===== Data section =====

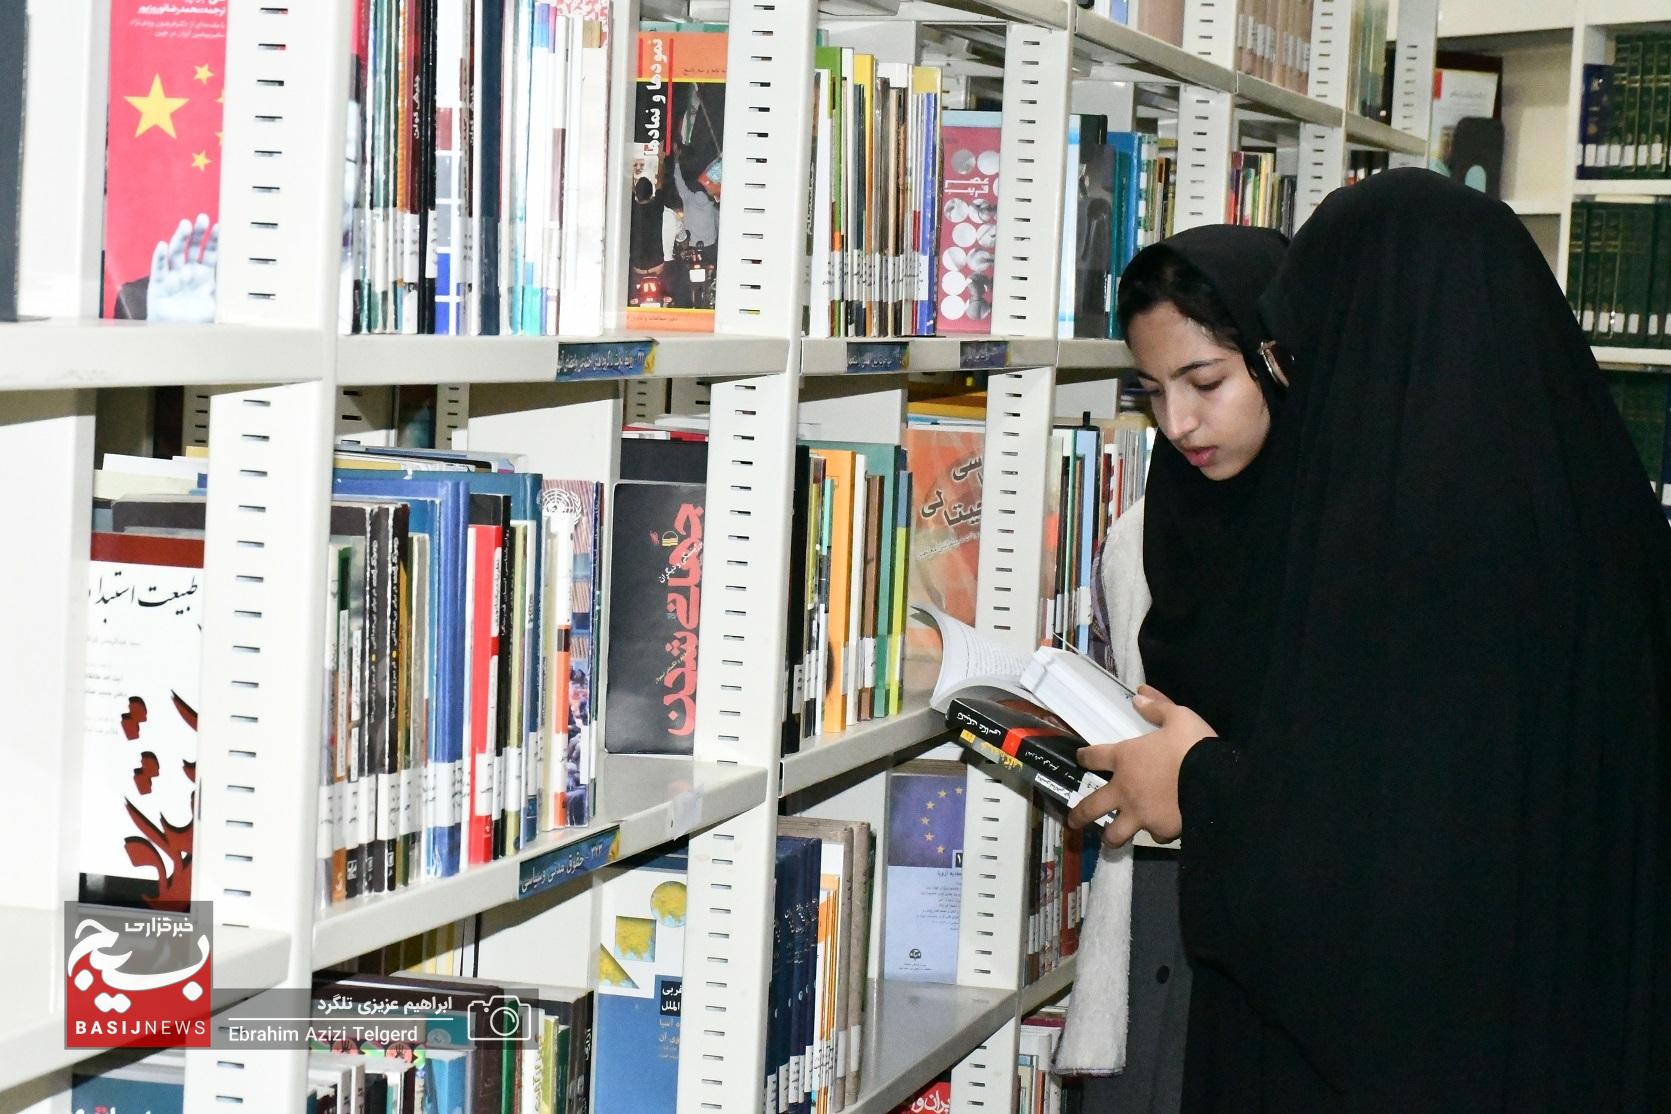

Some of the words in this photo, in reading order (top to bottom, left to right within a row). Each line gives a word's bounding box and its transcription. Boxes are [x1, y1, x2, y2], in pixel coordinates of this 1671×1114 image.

[646, 38, 668, 90] نمودها
[652, 94, 666, 105] و
[643, 108, 661, 156] نمادها
[667, 503, 705, 630] جهانی
[88, 571, 136, 624] استبدا
[137, 576, 198, 616] طبیعت
[663, 631, 699, 736] شدن
[979, 723, 1002, 737] عکاسی
[548, 863, 565, 883] مدنی
[566, 851, 584, 874] حقوق
[521, 866, 542, 893] سیاسی
[661, 1001, 680, 1012] الملل
[925, 1090, 950, 1114] یران

=====

_Goal of the exercise_.
Print the data again word for word, pictures excluded.

_Result of the exercise_.
Some of the words in this photo, in reading order (top to bottom, left to right within a row). Each line gives a word's bounding box and its transcription. Boxes are [x1, y1, x2, y2], in pixel coordinates of this 1671×1114 image.

[646, 38, 668, 90] نمودها
[652, 94, 666, 105] و
[643, 108, 661, 156] نمادها
[667, 503, 705, 630] جهانی
[88, 571, 136, 624] استبدا
[137, 576, 198, 616] طبیعت
[663, 631, 699, 736] شدن
[979, 723, 1002, 737] عکاسی
[548, 863, 565, 883] مدنی
[566, 851, 584, 874] حقوق
[521, 866, 542, 893] سیاسی
[661, 1001, 680, 1012] الملل
[925, 1090, 950, 1114] یران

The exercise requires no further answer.